According to the World Health Organization, 5.5 million African women undergo unsafe abortions each year, often resulting in death or short- or long-term disability. East Africa in particular has one of the world’s highest rates of maternal deaths linked to complications from unsafe abortions. During recent research and fieldwork in Ethiopia, where each year unsafe abortion accounts for 50% of the 20,000 maternal deaths, I observed how the uncertain future of the Global Gag Rule could affect women’s access to safe abortion services that can save their lives.
Unsafe abortion remains the leading cause of death among Ethiopian women of childbearing age, surpassed only by HIV/AIDS. Many Ethiopian women have little or no choice over when or how they become pregnant. Lack of female control over contraceptive use, domestic and sexual violence, early marriage, forced abductions, and poverty often strip Ethiopian women of control over their reproductive lives and lead to unwanted pregnancies. Over 50% of all women seeking abortions in Ethiopia do so outside the reach of trained medical professionals.
In 2005, Ethiopia courageously liberalized its national abortion law in order to address the public health crisis resulting from the high incidence of unsafe abortion. However, U.S. foreign policy remained a hurdle to the successful implementation of the law. Eight long years of the Bush administration’s enforcement of the gag rule eroded the strength of well-known and respected abortion service providers in Ethiopia including Marie Stopes International Ethiopia (MSIE) and the Family Guidance Association of Ethiopia (FGAE).
MSIE and FGAE had long been dedicated to providing safe abortion services that often meant the difference between life and death for Ethiopian women. During MSIE and FGAE’s years roaming the Global Gag Rule wilderness they lost all U.S. funding and Ethiopian women suffered as a result. Organizations that continued to receive U.S. funding were forbidden from even presenting Ethiopian women with information about safe abortion.

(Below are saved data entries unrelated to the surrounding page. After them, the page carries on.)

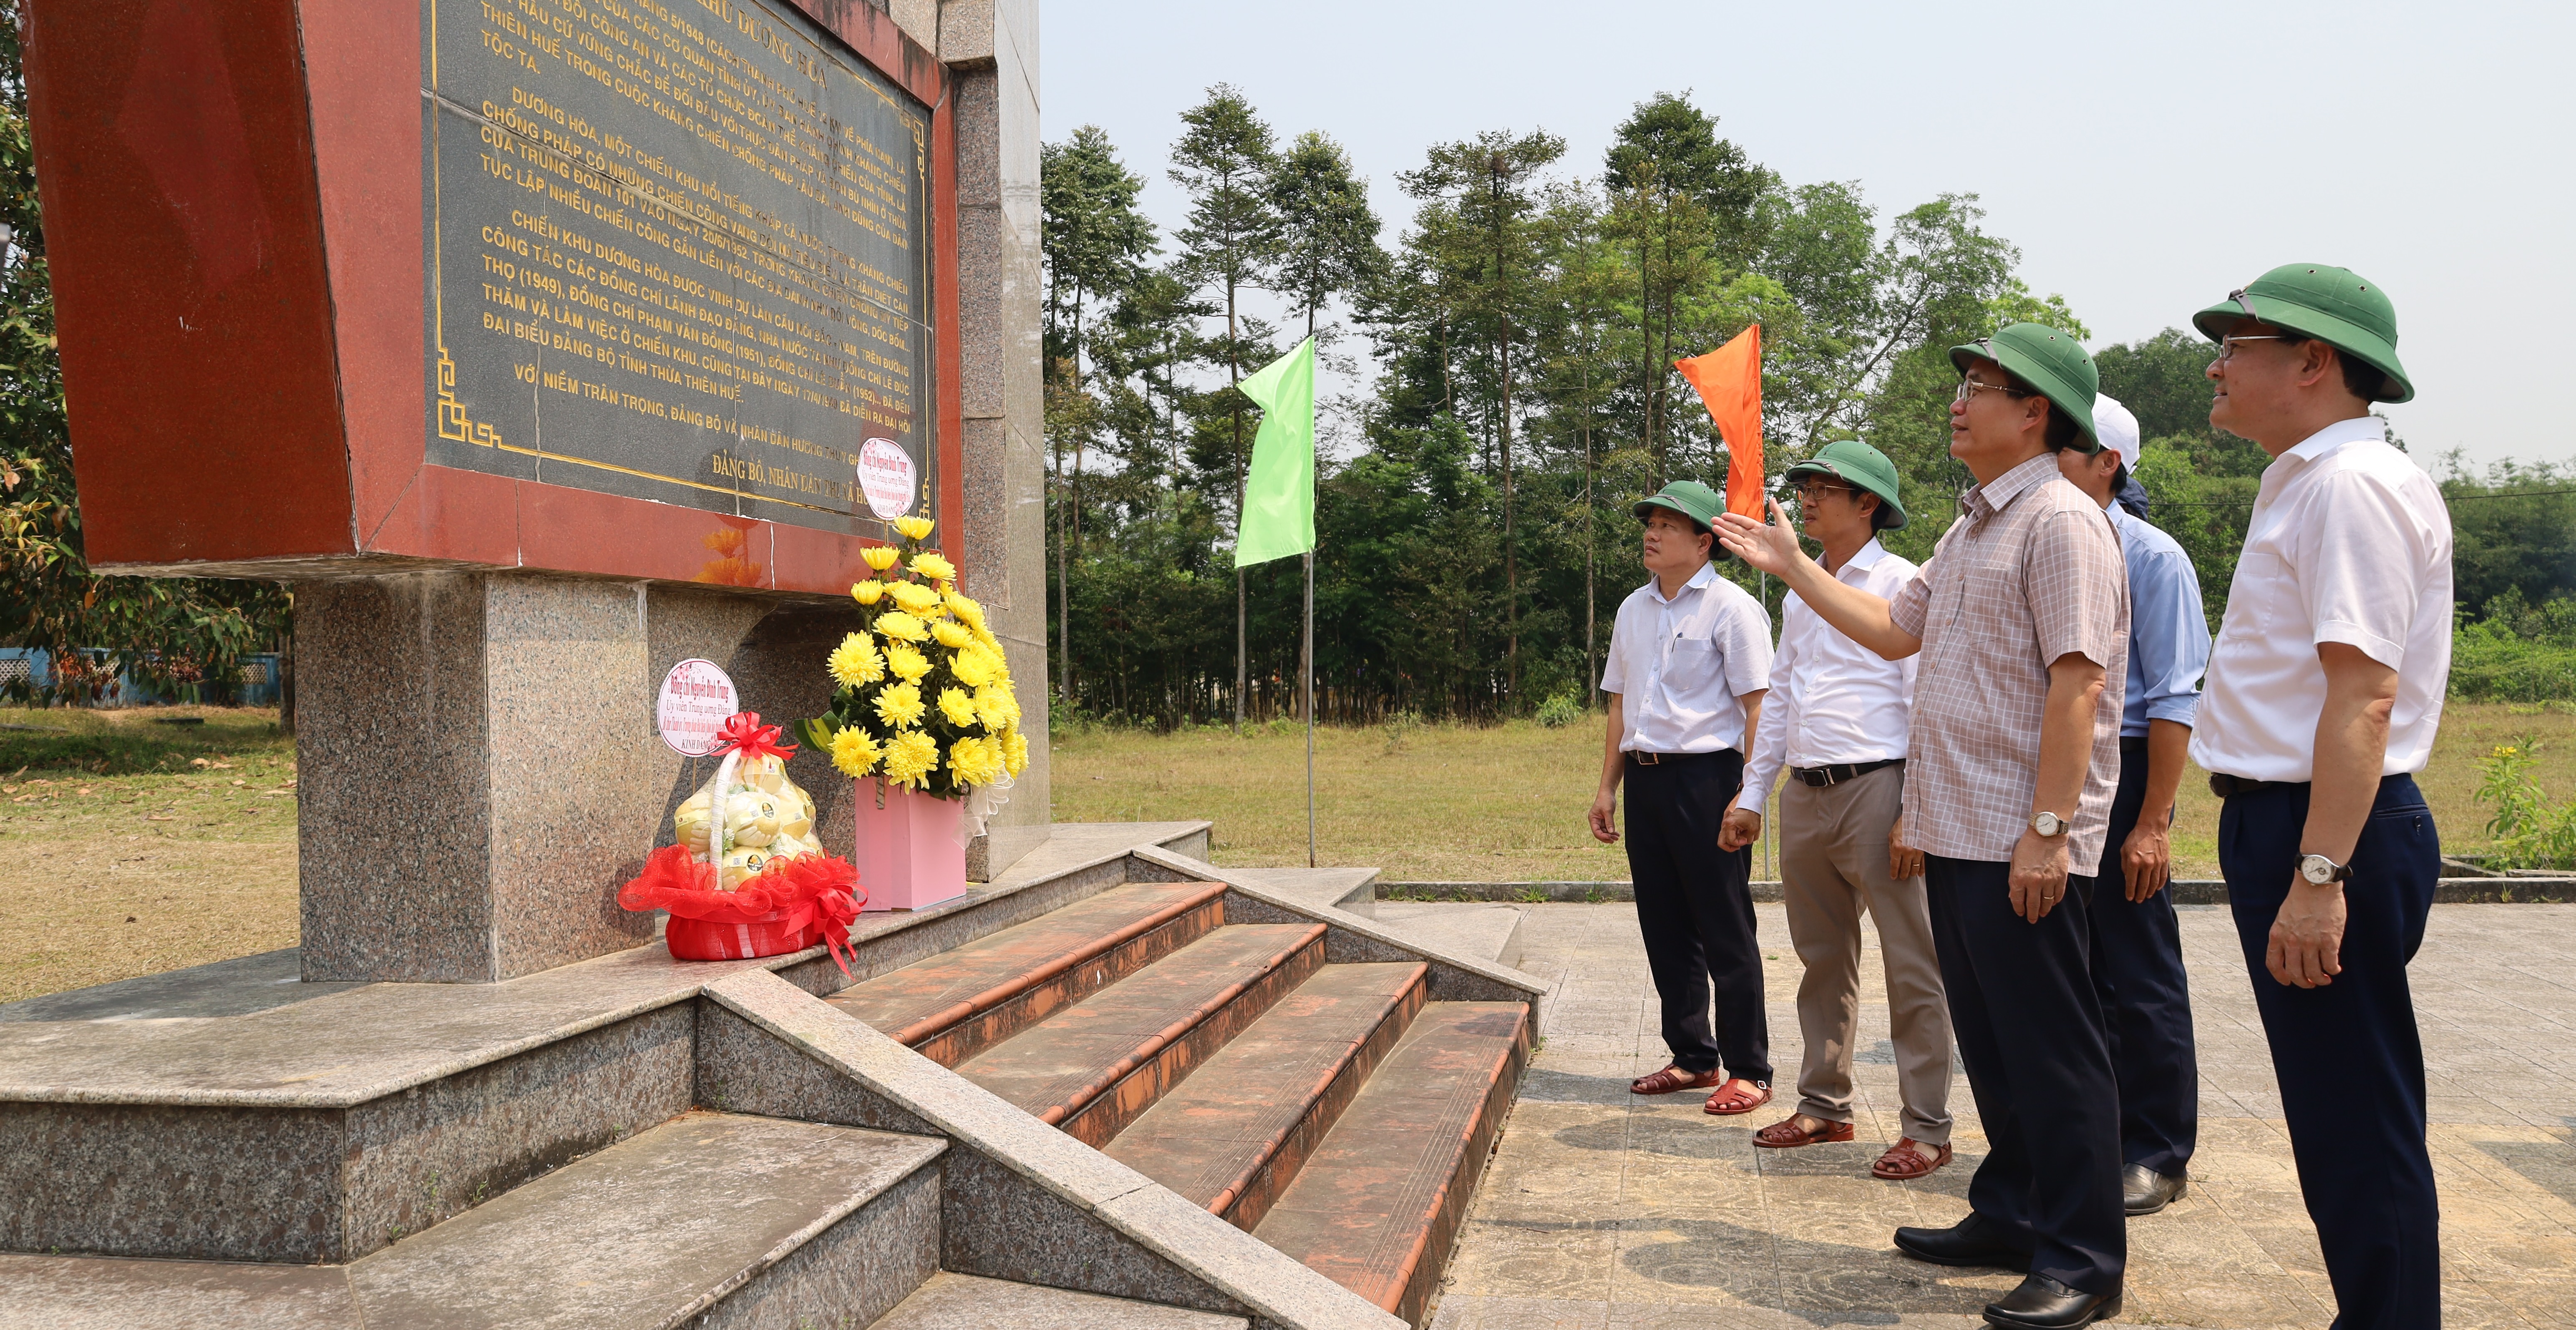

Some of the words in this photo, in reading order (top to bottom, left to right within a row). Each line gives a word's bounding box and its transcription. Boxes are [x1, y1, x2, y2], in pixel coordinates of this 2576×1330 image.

[482, 30, 513, 60] TỘC
[517, 49, 540, 75] TA.
[553, 15, 572, 40] CỨ
[577, 29, 612, 63] VỮNG
[617, 53, 651, 85] CHẮC
[655, 72, 670, 96] ĐỂ
[674, 85, 692, 108] ĐỐI
[721, 113, 738, 134] VỚI
[740, 124, 765, 151] THỰC
[849, 188, 858, 204] BÙ
[591, 11, 628, 47] CÔNG
[632, 37, 649, 59] AN
[652, 49, 668, 71] VÀ
[672, 61, 695, 87] CÁC
[699, 75, 713, 98] TỔ
[716, 88, 745, 117] CHỨC
[859, 175, 874, 194] CỦA
[633, 13, 659, 42] CÁC
[663, 31, 680, 55] CƠ
[682, 44, 713, 75] QUAN
[717, 65, 739, 91] TỈNH
[884, 171, 906, 194] CHIẾN
[671, 13, 703, 46] 5/1948
[707, 36, 738, 69] (CÁCH
[738, 9, 793, 67] DƯƠNG
[796, 50, 827, 90] HÒA
[482, 1, 527, 40] THIÊN
[532, 29, 560, 59] HUẾ
[565, 48, 611, 87] TRONG
[615, 76, 650, 108] CUỘC
[653, 98, 693, 132] KHÁNG
[697, 123, 728, 152] CHIẾN
[732, 142, 765, 172] CHỐNG
[769, 163, 793, 187] PHÁP
[852, 210, 874, 232] DŨNG
[483, 99, 538, 140] CHỐNG
[544, 128, 581, 160] PHÁP
[586, 149, 605, 171] CÓ
[609, 160, 653, 194] NHỮNG
[658, 184, 692, 213] CHIẾN
[696, 202, 728, 229] CÔNG
[730, 219, 757, 243] VANG
[513, 86, 564, 126] DƯƠNG
[569, 114, 601, 147] HÒA,
[605, 133, 632, 159] MỘT
[636, 148, 672, 179] CHIẾN
[676, 168, 699, 193] KHU
[723, 192, 752, 219] TIẾNG
[784, 223, 796, 240] CẢ
[858, 261, 884, 284] KHÁNG
[481, 153, 512, 181] TỤC
[517, 169, 544, 195] LẬP
[549, 183, 591, 215] NHIỀU
[594, 203, 632, 233] CHIẾN
[636, 221, 668, 249] CÔNG
[673, 235, 696, 261] GẮN
[699, 248, 723, 272] LIỀN
[725, 261, 741, 280] VỚI
[746, 270, 765, 290] CÁC
[785, 287, 808, 309] DANH
[512, 209, 559, 241] CHIẾN
[563, 229, 592, 254] KHU
[595, 242, 641, 273] DƯƠNG
[645, 262, 670, 284] HÒA
[673, 273, 705, 298] ĐƯỢC
[708, 287, 732, 309] VINH
[736, 298, 749, 317] DỰ
[752, 305, 772, 324] LÀM
[775, 311, 794, 333] CẦU
[861, 348, 881, 367] TRÊN
[518, 141, 569, 180] TRUNG
[616, 187, 635, 209] 101
[702, 227, 749, 261] 20/6/1952.
[752, 251, 785, 277] TRONG
[892, 314, 908, 333] TIẾP
[483, 225, 528, 257] CÔNG
[533, 244, 562, 269] TÁC
[567, 257, 595, 282] CÁC
[600, 267, 637, 297] ĐỒNG
[641, 285, 662, 306] CHÍ
[665, 294, 696, 318] LÃNH
[699, 307, 723, 328] ĐẠO
[725, 317, 756, 343] ĐẢNG,
[782, 338, 808, 359] NƯỚC
[810, 349, 821, 364] TA
[868, 371, 881, 385] CHÍ
[883, 375, 892, 390] LÊ
[483, 254, 515, 282] THỌ
[520, 267, 565, 301] (1949),
[569, 282, 609, 312] ĐỒNG
[613, 300, 634, 321] CHÍ
[638, 309, 672, 334] PHẠM
[676, 322, 698, 342] VĂN
[702, 328, 732, 354] ĐỒNG
[735, 343, 765, 368] (1951),
[483, 312, 509, 336] ĐẠI
[515, 317, 549, 346] BIỂU
[553, 332, 592, 359] ĐẢNG
[597, 346, 615, 368] BỘ
[619, 352, 647, 375] TỈNH
[651, 363, 682, 385] THỪA
[685, 373, 717, 395] THIÊN
[720, 382, 743, 403] HUẾ.
[483, 283, 526, 312] THĂM
[531, 299, 549, 319] VÀ
[554, 307, 584, 330] LÀM
[587, 317, 617, 341] VIỆC
[634, 333, 670, 357] CHIẾN
[673, 346, 698, 366] KHU.
[702, 355, 731, 377] CŨNG
[735, 366, 750, 384] TẠI
[753, 371, 771, 390] ĐÂY
[775, 379, 800, 398] NGÀY
[840, 400, 851, 415] ĐÃ
[873, 411, 882, 425] RA
[884, 415, 896, 430] ĐẠI
[899, 419, 910, 435] HỘI
[544, 368, 578, 395] NIỀM
[583, 382, 618, 405] TRÂN
[622, 392, 667, 421] TRỌNG,
[671, 404, 702, 426] ĐẢNG
[705, 414, 721, 434] BỘ
[724, 419, 737, 435] VÀ
[740, 424, 767, 443] NHÂN
[770, 431, 788, 448] DÂN
[792, 438, 821, 457] HƯƠNG
[713, 450, 745, 479] ĐẢNG
[748, 459, 765, 487] BỘ,
[768, 465, 798, 490] NHÂN
[801, 471, 821, 495] DÂN
[676, 700, 687, 712] viên
[689, 701, 703, 716] Trung
[718, 704, 730, 718] Đảng
[681, 736, 695, 749] KÍNH
[707, 679, 716, 698] Đình
[717, 680, 728, 703] Trung

Thus, U.S. foreign policy undermined Ethiopia’s attempt to address a public health crisis affecting countless Ethiopian women.

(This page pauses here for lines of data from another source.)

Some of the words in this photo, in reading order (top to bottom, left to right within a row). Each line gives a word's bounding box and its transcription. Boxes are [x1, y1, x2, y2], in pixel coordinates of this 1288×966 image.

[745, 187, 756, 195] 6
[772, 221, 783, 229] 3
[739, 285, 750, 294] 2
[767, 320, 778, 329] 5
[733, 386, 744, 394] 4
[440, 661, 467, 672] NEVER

Although Ethiopian reproductive healthcare providers cheered President Obama’s repeal of the Global Gag Rule on 23 January 2009, confidence that a future U.S. administration will not resurrect the gag rule remains low. Ethiopian local NGOs link the policy change with the domestic abortion debate between Democrats and Republicans in the U.S. and fear that a subsequent administration may reinstate the gag rule.

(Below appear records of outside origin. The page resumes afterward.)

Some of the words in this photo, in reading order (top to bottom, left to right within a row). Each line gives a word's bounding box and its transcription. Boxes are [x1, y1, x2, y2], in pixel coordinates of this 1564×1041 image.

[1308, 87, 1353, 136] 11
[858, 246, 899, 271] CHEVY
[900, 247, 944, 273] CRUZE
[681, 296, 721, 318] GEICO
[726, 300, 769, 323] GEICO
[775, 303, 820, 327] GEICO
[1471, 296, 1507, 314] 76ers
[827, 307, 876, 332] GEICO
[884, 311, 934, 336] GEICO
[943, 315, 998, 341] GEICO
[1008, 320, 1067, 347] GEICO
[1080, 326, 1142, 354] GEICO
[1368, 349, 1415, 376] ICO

The uncertain political fate of the Global Gag Rule may cause organizations in Ethiopia and elsewhere in Africa and the Global South to refrain from investing necessary resources to increase access to safe abortion fearing that a change in U.S. foreign policy may cause them to lose U.S. funding altogether. Absent a permanent repeal of the Global Gag Rule, women’s access to safe abortion services in the Global South will remain tenuous.
To avoid this devastating result, the United States Congress should permanently repeal the Global Gag Rule by passing the Lautenberg amendment to the State and Foreign Operations bill. A permanent repeal of the Global Gag Rule would ensure that organizations receiving U.S. foreign aid in Ethiopia, throughout Africa, and elsewhere in the world can tackle the problem of unsafe abortion which claims the lives of countless women – often poor and marginalized –without fear of the harsh ramifications of uncertain U.S. political currents.
Chi Mgbako is clinical associate professor of law and director of the Walter Leitner International Human Rights Clinic at Fordham Law School in New York City. She is co-author of the report “Exporting Confusion: U.S. Foreign Policy as an Obstacle to the Implementation of Ethiopia’s Liberalized Abortion Law.”